Watch This Space highlights are set to include a story dome with fantastical tales for all age groups, a Bank Holiday Dance Weekend, high-flying romance in Waiting on You and summer sounds from Grupo Lokito and the Sugar Kings. The maverick artist Matthew Robins and his band will present his ongoing series of romantic "shadow operas" performed in front of, and projected on to, the NT Flytower. These inventive and animated stories introduce us to the sad story of the half-human, half-insect Flyboy: unpopular at school, mocked by his peers and dealing with the unrequited affection of a giant robot, while his friend Mothboy is busy knitting a lovely new spaceship for them. A new episode of the drama will be aired each Friday, encouraging visitors to come back to watch the narrative unfold.

In order to select the best and most appropriate acts for the festival, producers travel to other events, both in the UK and abroad, seeking out a mixture of new and established companies. This year's spree has harvested four Catalonian dramas created by Cia la Industrial Theatera with Rojo and the UK debuts of the theatre company Markeliñe with Carbón Club and the dance troupe Gaizerdi Teatro, who will bring a version of Little Red Riding Hood, both from the Basque country in Spain.

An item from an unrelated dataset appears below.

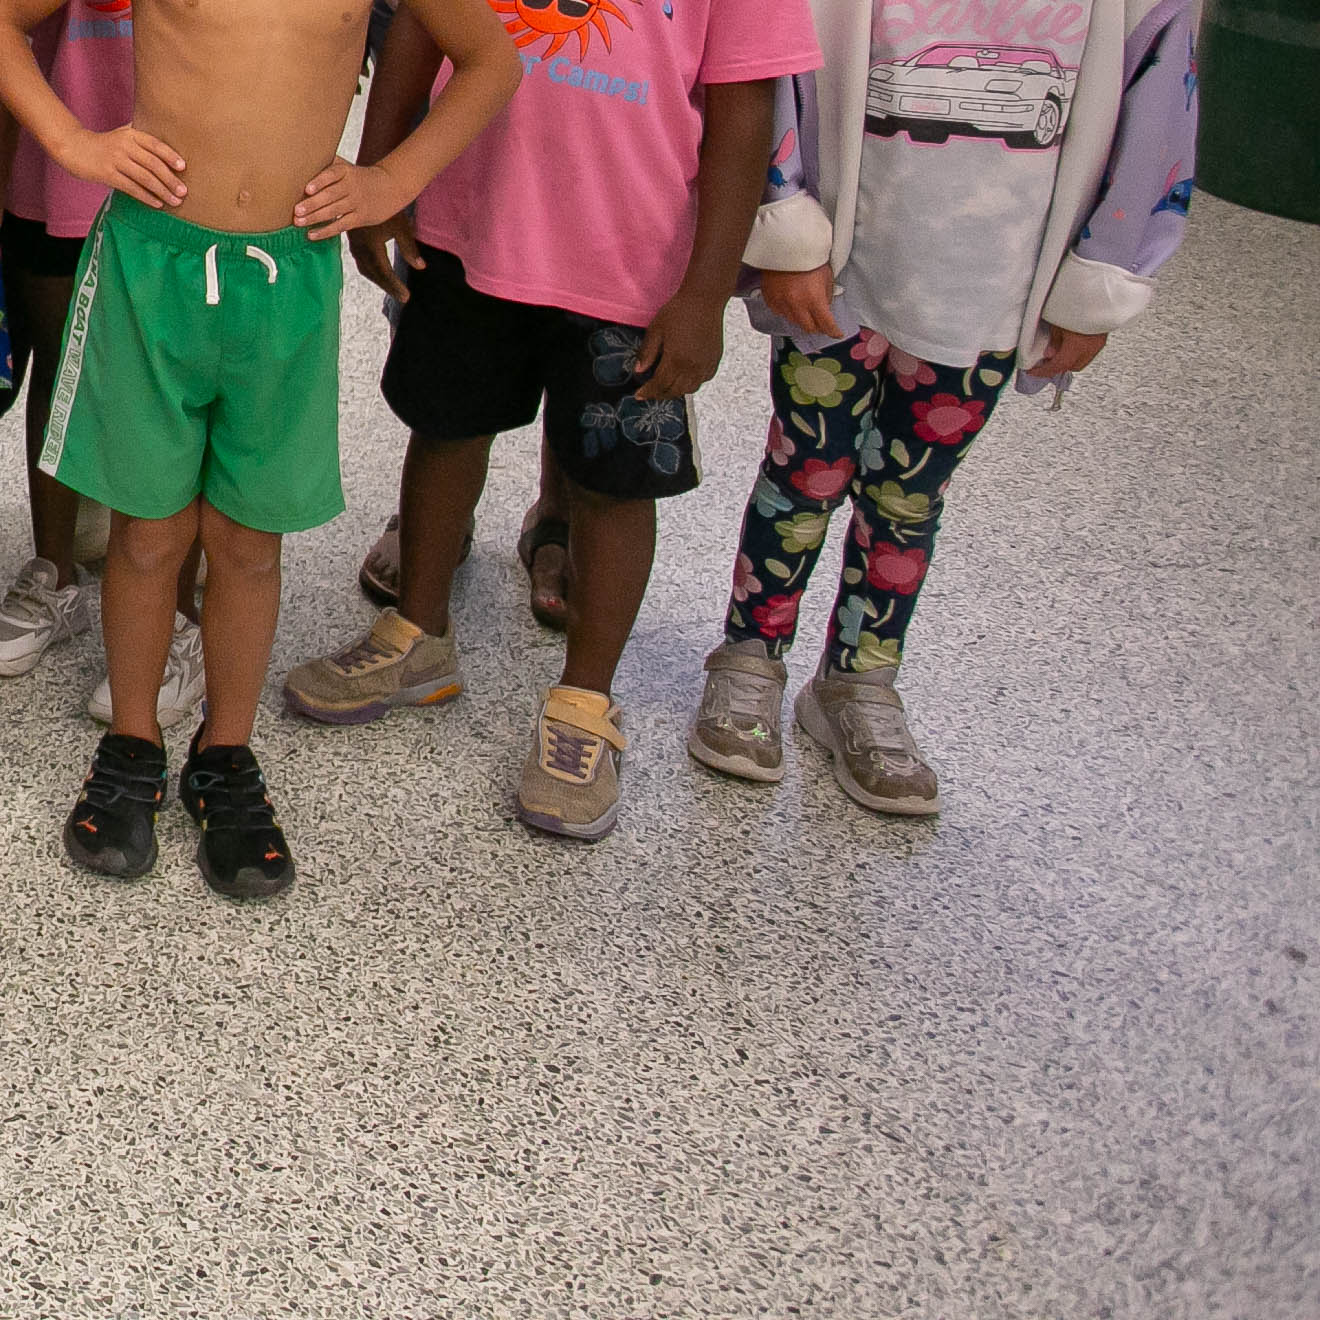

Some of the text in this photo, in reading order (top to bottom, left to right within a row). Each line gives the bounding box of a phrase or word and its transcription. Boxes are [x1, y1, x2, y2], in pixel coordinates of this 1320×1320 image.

"When I came across the Catalonian productions, I just fell in love with them," says McKechnie. "They are good, old-fashioned variety shows with acrobatics and clowning and they will inject a whole different tone into the festival." Returning this year is the Polish theatre company Teatr Biuro Podrózy with its award-winning version of Macbeth, involving armies on motorbikes, witches on stilts and a spectacular burning castle. "It is visually stunning," says McKechnie, "but it is also a really valid interpretation of Shakespeare. It has a significantly Polish twist and is quite political. The diversity of the programme is what makes it work."

"What's great here on the South Bank," McKechnie continues, "is that the NT can maintain the qualities and expectations that it has indoors in an outdoor work and that is something that people seem to be drawn to."